---- Their Story Runneth Thus

Two little children played among the flowers,
Their mothers were of kin, tho' far apart;
The children's ages were the very same
E'en to an hour -- and Ethel was her name,
A fair, sweet girl, with great, brown, wond'ring eyes
That seemed to listen just as if they held
The gift of hearing with the power of sight.
Six summers slept upon her low white brow,
And dreamed amid the roses of her cheeks.
Her voice was sweetly low; and when she spoke
Her words were music; and her laughter rang
So like an altar-bell that, had you heard
Its silvery sound a-ringing, you would think
Of kneeling down and worshiping the pure.

They played among the roses -- it was May --
And "hide and seek", and "seek and hide", all eve
They played together till the sun went down.
Earth held no happier hearts than theirs that day:
And tired at last she plucked a crimson rose
And gave to him, her playmate, cousin-kin;
And he went thro' the garden till he found
The whitest rose of all the roses there,
And placed it in her long, brown, waving hair.
"I give you red -- and you -- you give me white:
What is the meaning?" said she, while a smile,
As radiant as the light of angels' wings,
Swept bright across her face; the while her eyes
Seemed infinite purities half asleep
In sweetest pearls; and he did make reply:
"Sweet Ethel! white dies first; you know, the snow,
(And it is not as white as thy pure face)
Melts soon away; but roses red as mine
Will bloom when all the snow hath passed away."

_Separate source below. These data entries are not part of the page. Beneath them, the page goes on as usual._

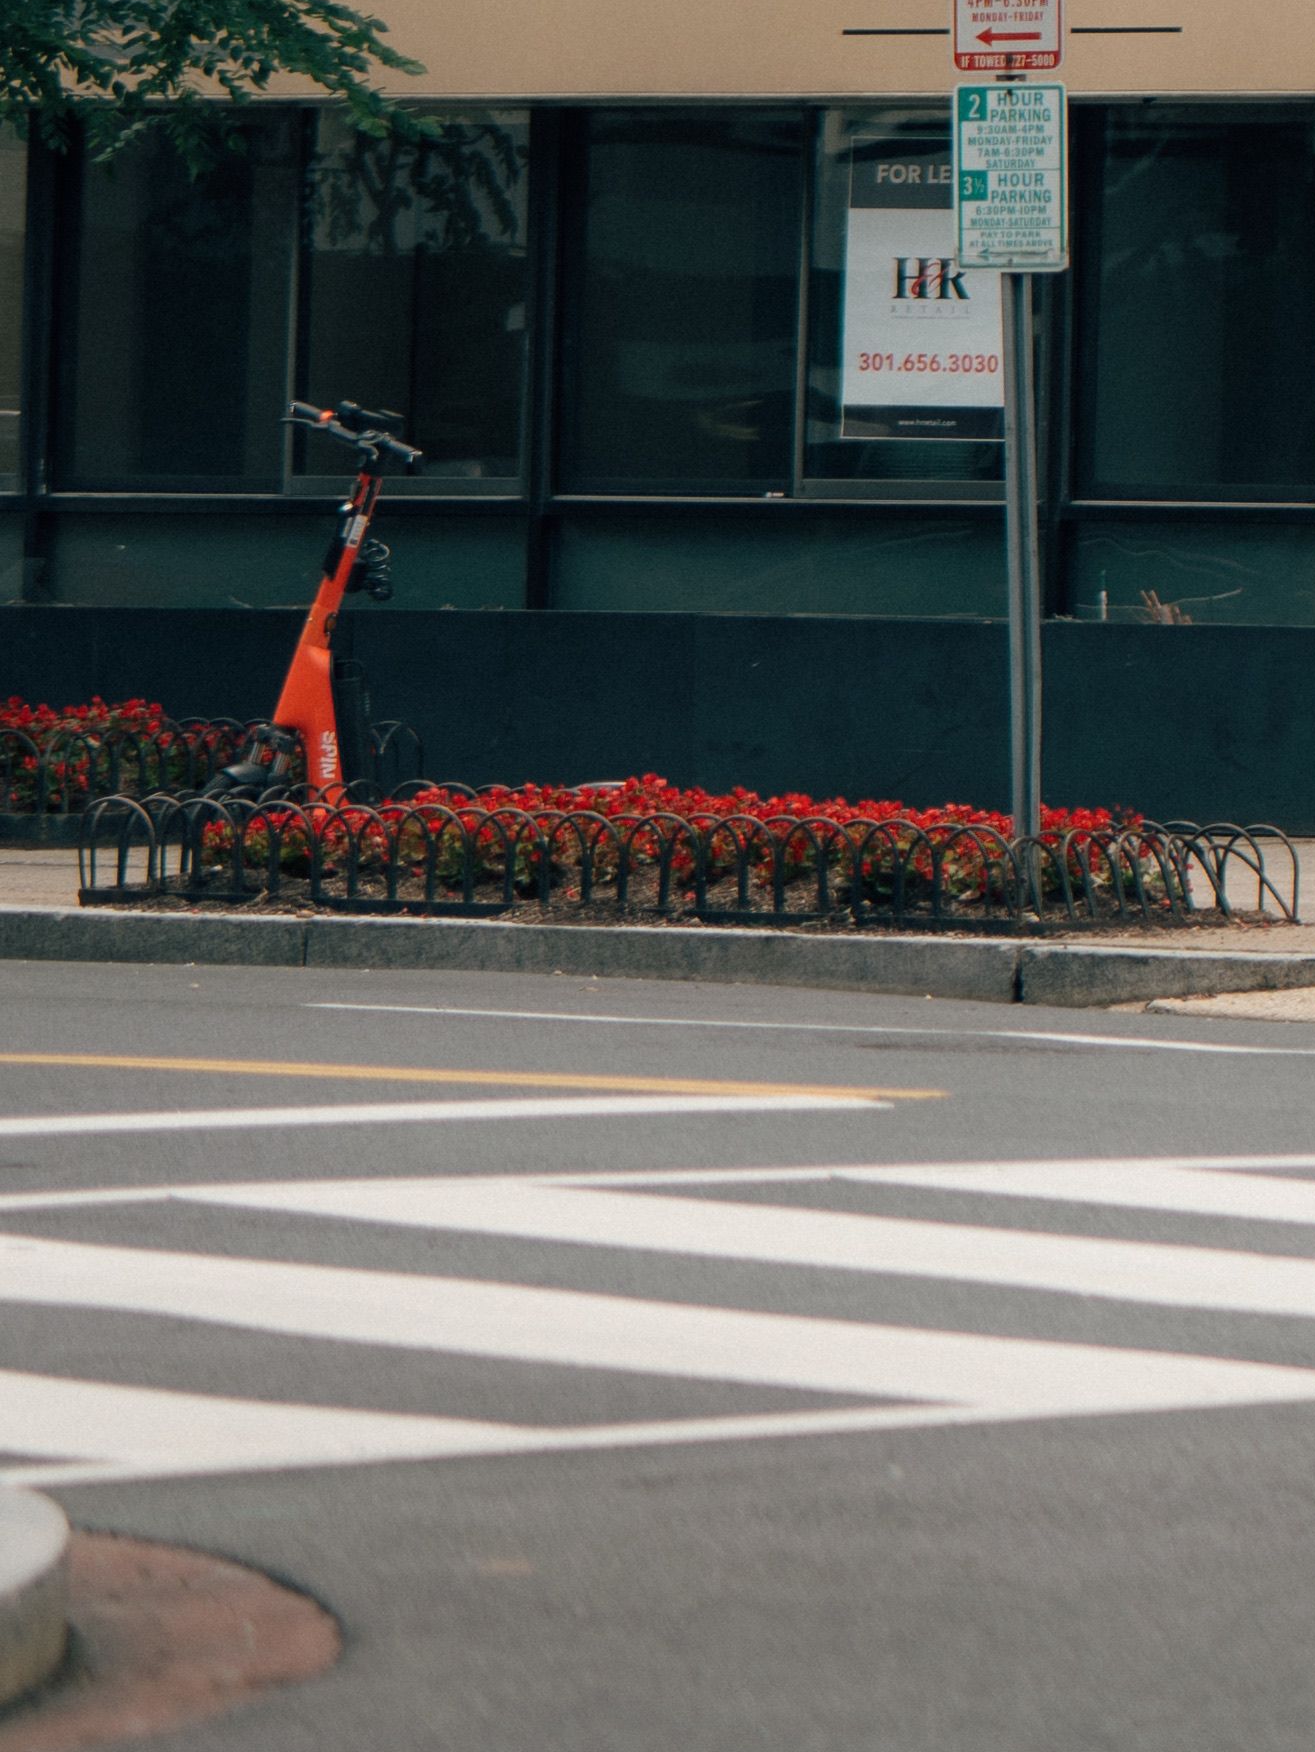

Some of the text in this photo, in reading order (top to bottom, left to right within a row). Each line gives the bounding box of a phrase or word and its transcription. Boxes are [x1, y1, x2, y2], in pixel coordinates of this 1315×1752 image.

[971, 11, 1044, 22] MONDAY-FRIDAY
[961, 55, 971, 68] IF
[974, 55, 1006, 67] TOWED
[968, 92, 1044, 118] 2 HOUR
[990, 108, 1051, 123] PARKING
[976, 124, 1045, 135] 9:30AM-4PM
[968, 136, 1053, 146] MONDAY-FRIDAY
[978, 147, 1045, 157] 7AM-6:30PM
[985, 159, 1036, 169] SATURDAY
[876, 164, 921, 184] FOR
[997, 172, 1045, 187] HOUR
[991, 189, 1052, 204] PARKING
[970, 217, 1052, 227] MONDAY-SATURDAY
[981, 230, 1040, 238] PAY TO PARK
[969, 240, 979, 248] AT
[981, 240, 996, 248] ALL
[1026, 239, 1053, 247] ABOVE
[890, 305, 970, 314] RETAIL
[858, 352, 999, 373] 301.656.3030
[320, 730, 338, 779] SPIN

She sighed a little sigh, then laughed again,
And hand in hand they walked the winding ways
Of that fair garden till they reached her home.
A good-bye and a kiss -- and he was gone.

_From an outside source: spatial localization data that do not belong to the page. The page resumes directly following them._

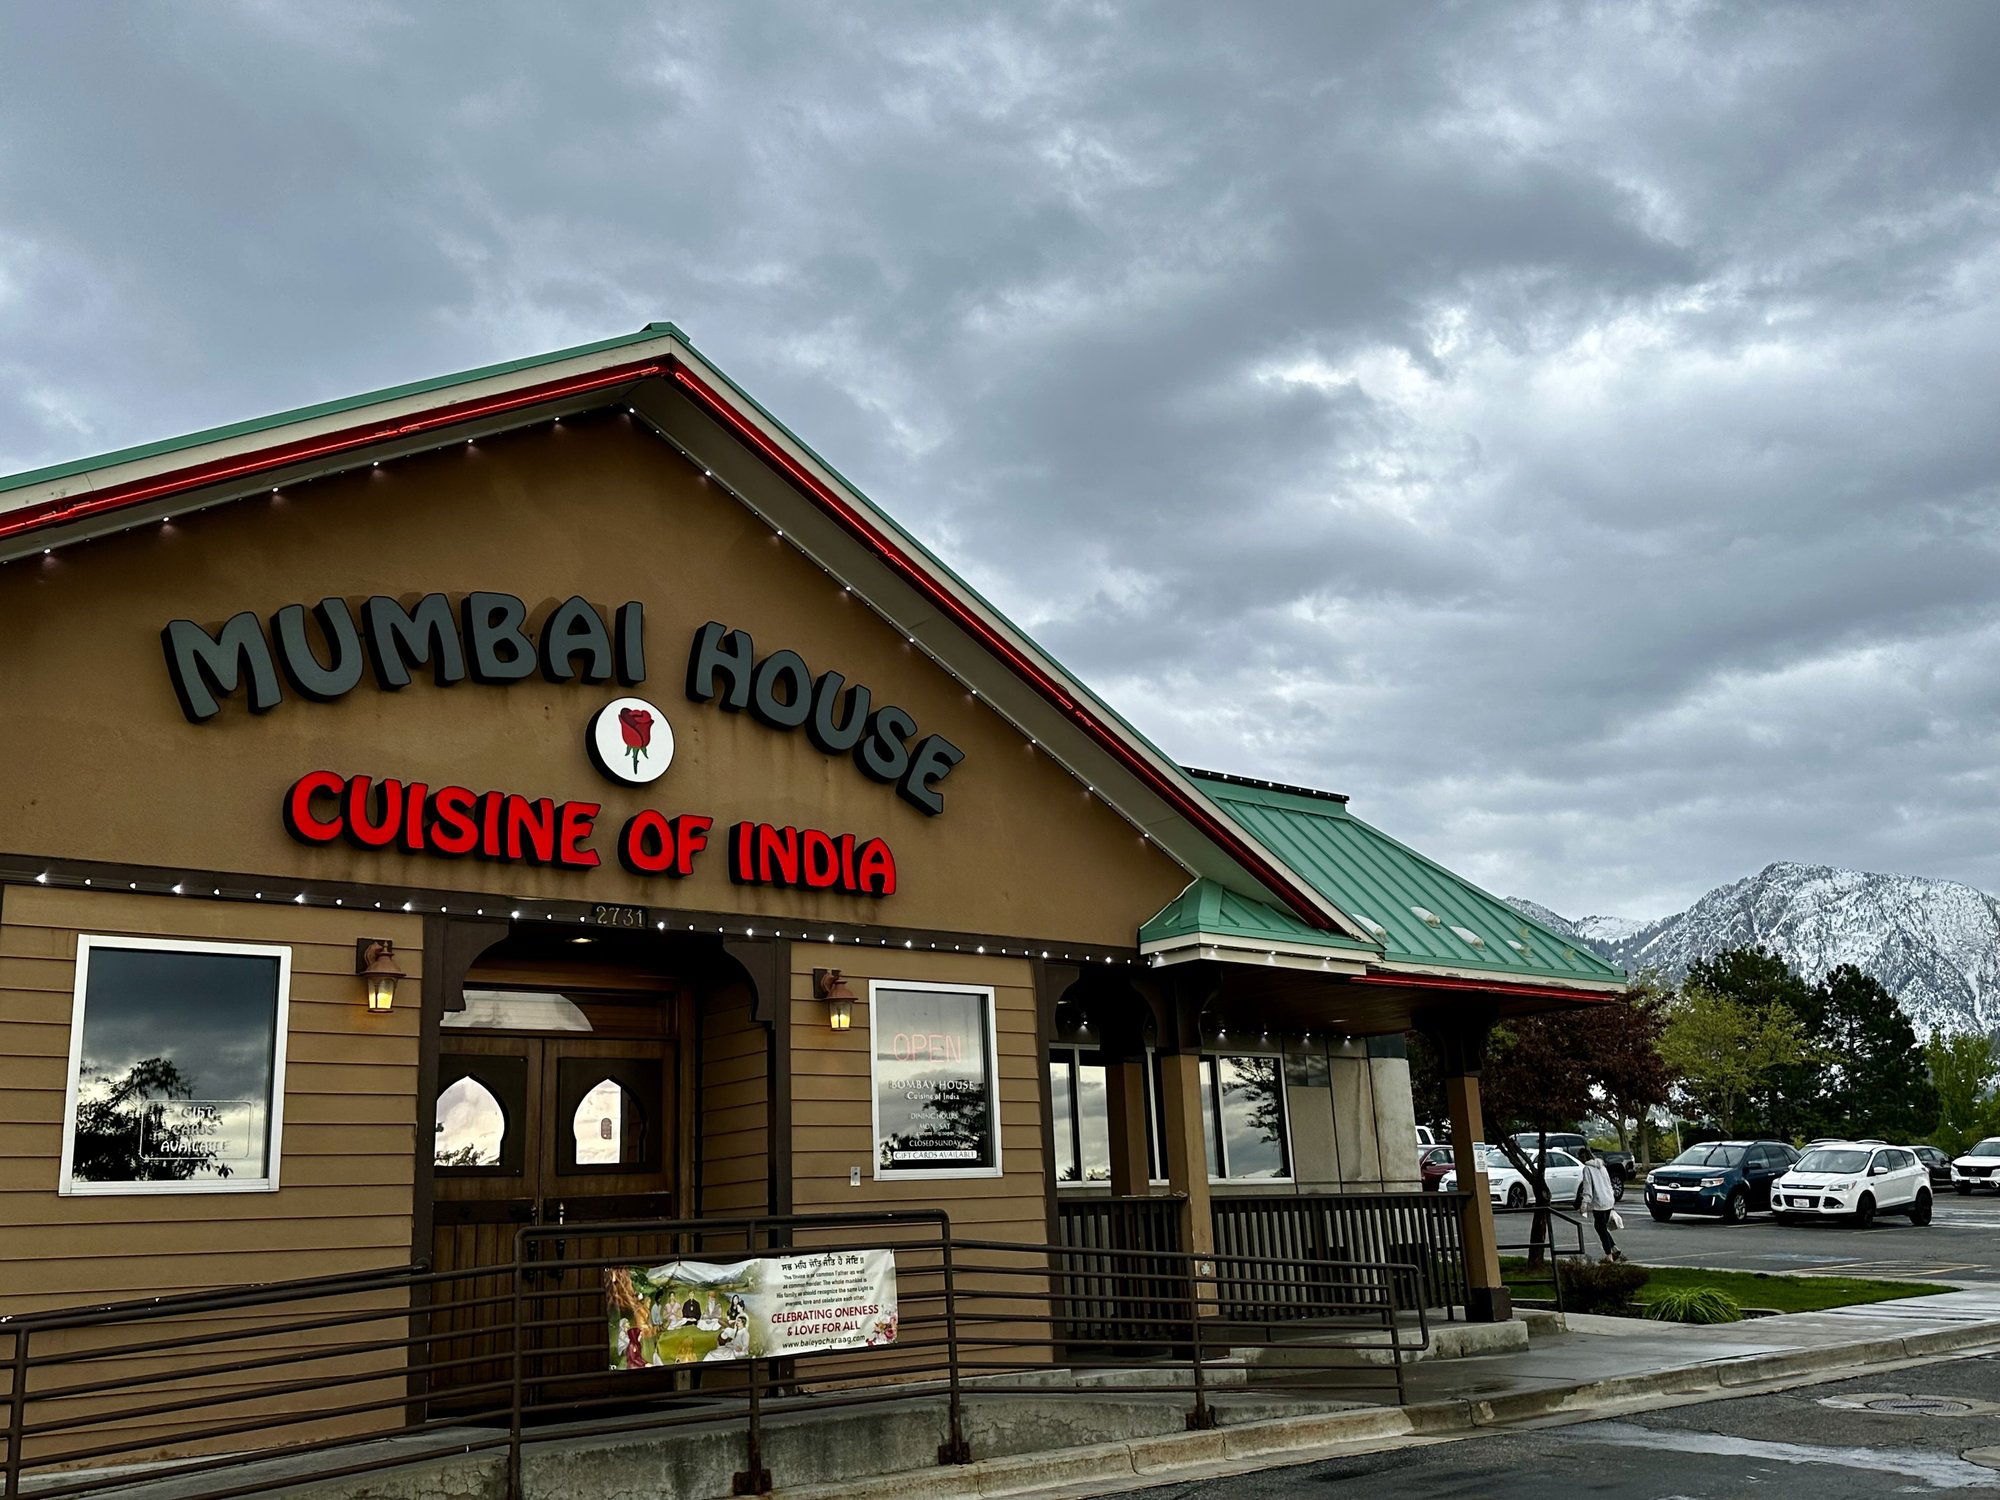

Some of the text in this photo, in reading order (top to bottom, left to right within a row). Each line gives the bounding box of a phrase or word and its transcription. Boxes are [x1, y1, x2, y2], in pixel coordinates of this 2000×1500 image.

[163, 591, 965, 815] MUMBAI HOUSE
[283, 770, 898, 897] CUISINE OF INDIA
[596, 905, 643, 927] 2731
[893, 1032, 962, 1065] OPEN
[890, 1080, 975, 1090] BOMBAY HOUSE
[906, 1091, 960, 1101] Cuisine of India
[181, 1105, 215, 1119] GIFT
[910, 1111, 959, 1120] DINING HOURS
[171, 1124, 217, 1136] CARDS
[161, 1140, 231, 1153] AVAILABLE
[935, 1140, 960, 1148] SUNDAY
[939, 1151, 975, 1159] AVAILABLE
[817, 1288, 838, 1296] recognize
[858, 1285, 869, 1293] Light
[822, 1295, 843, 1304] celebrate
[771, 1304, 879, 1324] CELEBRATING ONENESS
[787, 1320, 861, 1337] & LOVE FOR ALL

She leaned her head upon her mother's breast,
And ere she fell asleep she, sighing, called:
"Does white die first? my mother! and does red
Live longer?" And her mother wondered much
At such strange speech. She fell asleep
With murmurs on her lips of red and white.

Those children loved as only children can --
With nothing in their love save their whole selves.
When in their cradles they had been betroth'd;
They knew it in a manner vague and dim --
Unconscious yet of what betrothal meant.

The boy -- she called him Merlin -- a love name --
(And he -- he called her always Ullainee,
No matter why); the boy was full of moods.
Upon his soul and face the dark and bright
Were strangely intermingled. Hours would pass
Rippling with his bright prattle; and then, hours
Would come and go, and never hear a word
Fall from his lips, and never see a smile
Upon his face. He was so like a cloud
With ever-changeful hues, as she was like
A golden sunbeam shining on its face.

* * * * *

Ten years passed on. They parted and they met
Not often in each year; yet as they grew
In years, a consciousness unto them came
Of human love.
But it was sweet and pure.
There was no passion in it. Reverence,
Like Guardian-Angel, watched o'er Innocence.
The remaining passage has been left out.